Task goal | Please repeat each line below exactly, with no images in the copy.

Material for the task |
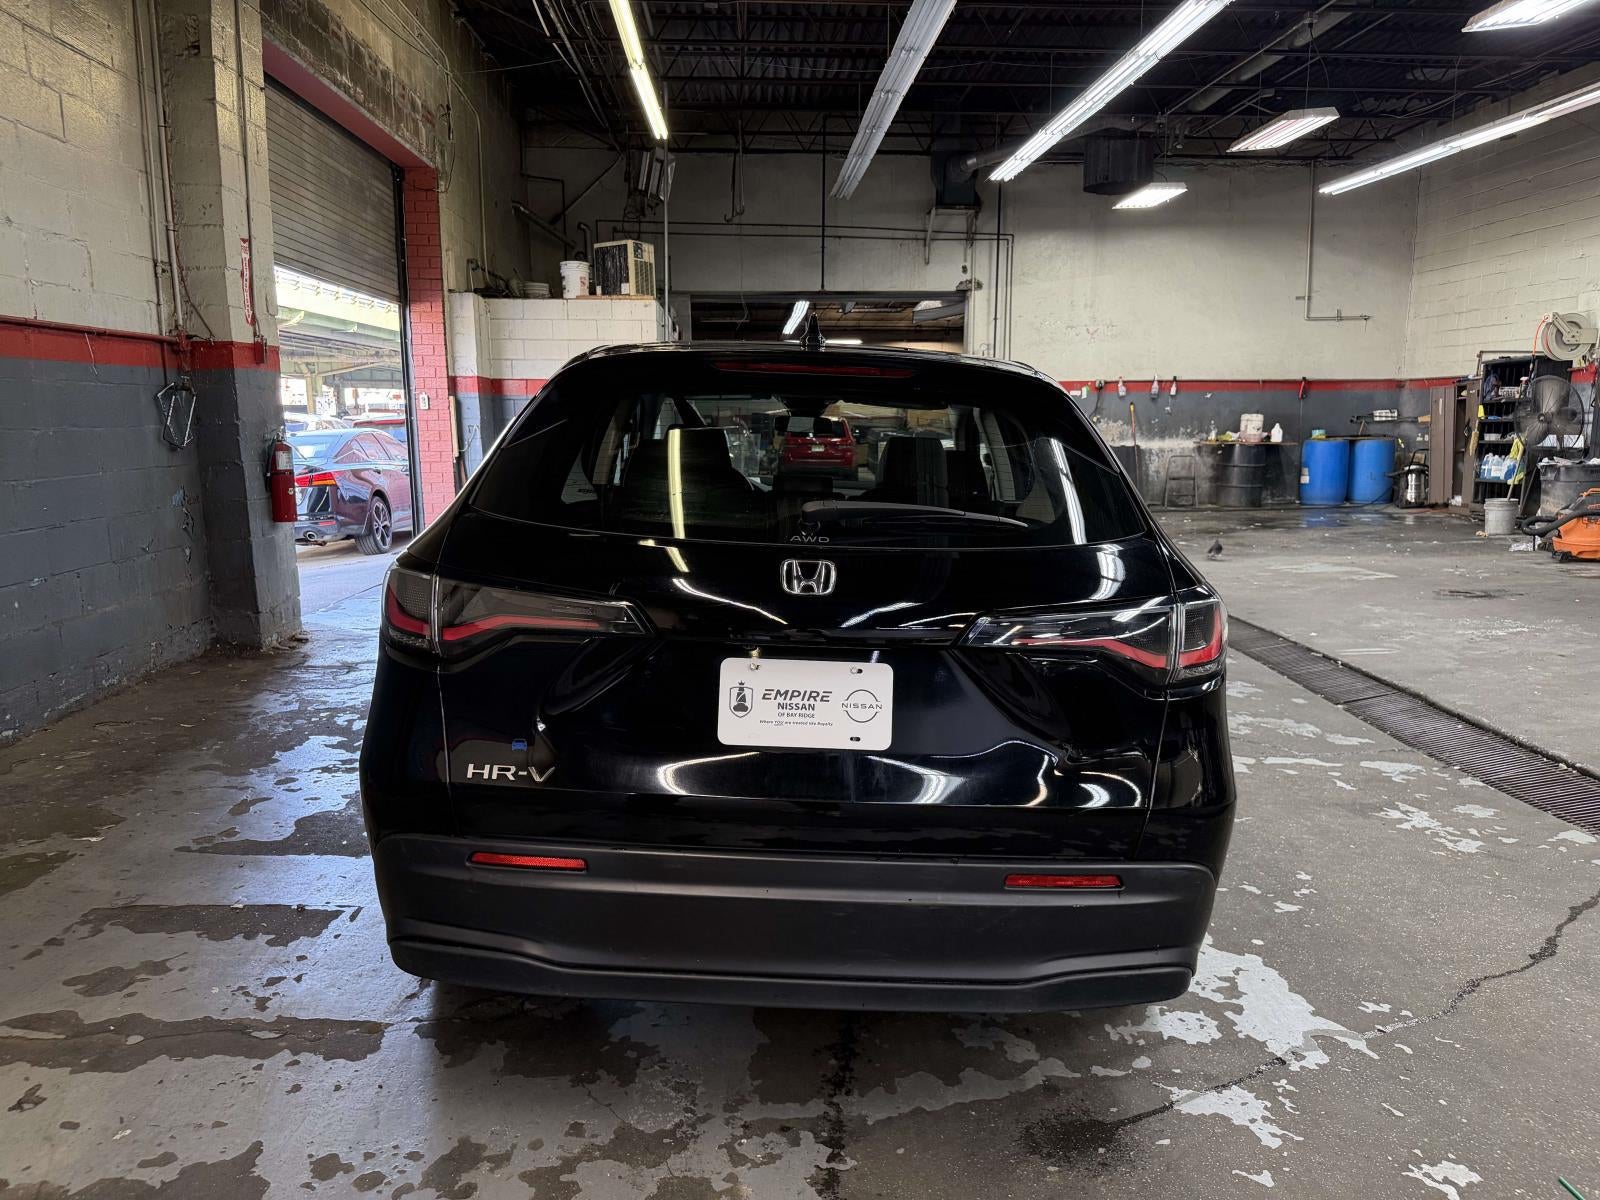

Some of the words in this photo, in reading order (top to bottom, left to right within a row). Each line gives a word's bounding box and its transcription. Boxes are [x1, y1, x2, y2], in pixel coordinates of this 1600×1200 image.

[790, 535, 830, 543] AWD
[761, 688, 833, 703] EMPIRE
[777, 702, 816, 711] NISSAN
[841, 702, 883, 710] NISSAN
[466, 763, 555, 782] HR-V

Your response |
Some of the words in this photo, in reading order (top to bottom, left to right within a row). Each line gives a word's bounding box and its transcription. Boxes are [x1, y1, x2, y2], in pixel coordinates of this 1600×1200 image.

[790, 535, 830, 543] AWD
[761, 688, 833, 703] EMPIRE
[777, 702, 816, 711] NISSAN
[841, 702, 883, 710] NISSAN
[466, 763, 555, 782] HR-V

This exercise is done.